Please restate the data that follows word for word, with the pictures left out.

____ DATA UNDER STUDY

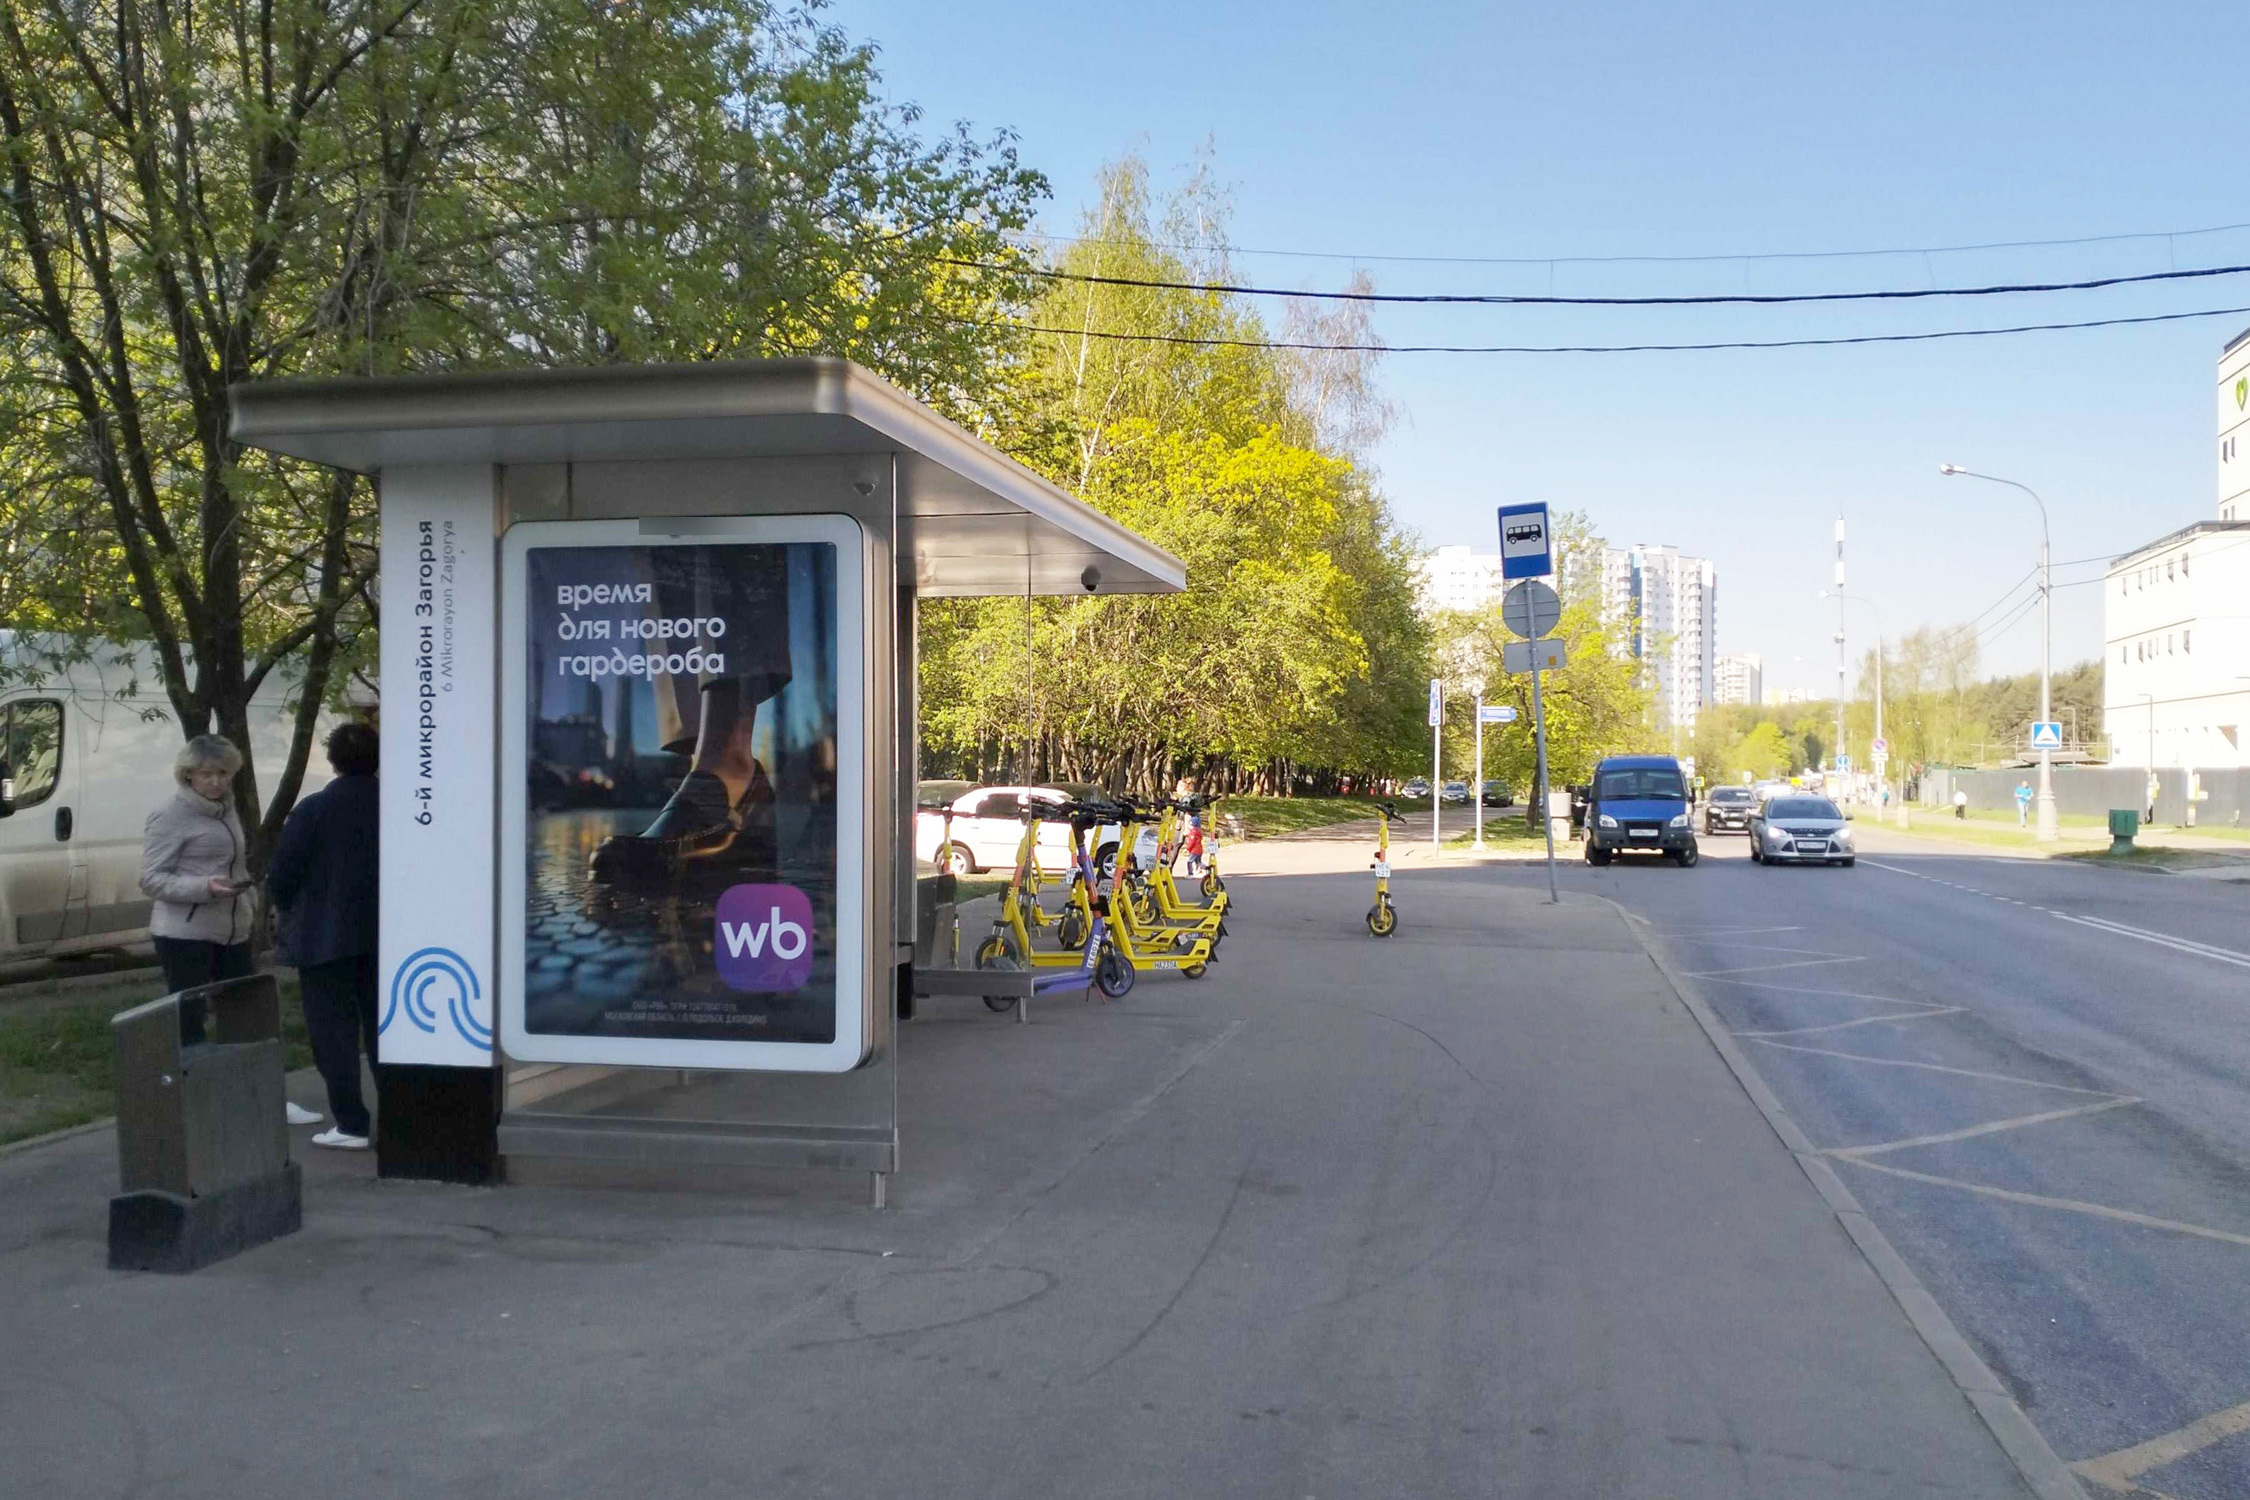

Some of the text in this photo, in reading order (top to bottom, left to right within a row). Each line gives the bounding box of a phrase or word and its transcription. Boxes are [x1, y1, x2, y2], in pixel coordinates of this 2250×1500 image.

[440, 519, 456, 693] 6 Mikrorayon Zagorya
[557, 583, 652, 611] время
[557, 612, 727, 640] для нового
[414, 520, 437, 826] 6-й микрорайон Загорья
[559, 646, 725, 682] гардероба
[721, 906, 807, 960] wb

________

__ANSWER SECTION__
Some of the text in this photo, in reading order (top to bottom, left to right within a row). Each line gives the bounding box of a phrase or word and its transcription. Boxes are [x1, y1, x2, y2], in pixel coordinates of this 2250×1500 image.

[440, 519, 456, 693] 6 Mikrorayon Zagorya
[557, 583, 652, 611] время
[557, 612, 727, 640] для нового
[414, 520, 437, 826] 6-й микрорайон Загорья
[559, 646, 725, 682] гардероба
[721, 906, 807, 960] wb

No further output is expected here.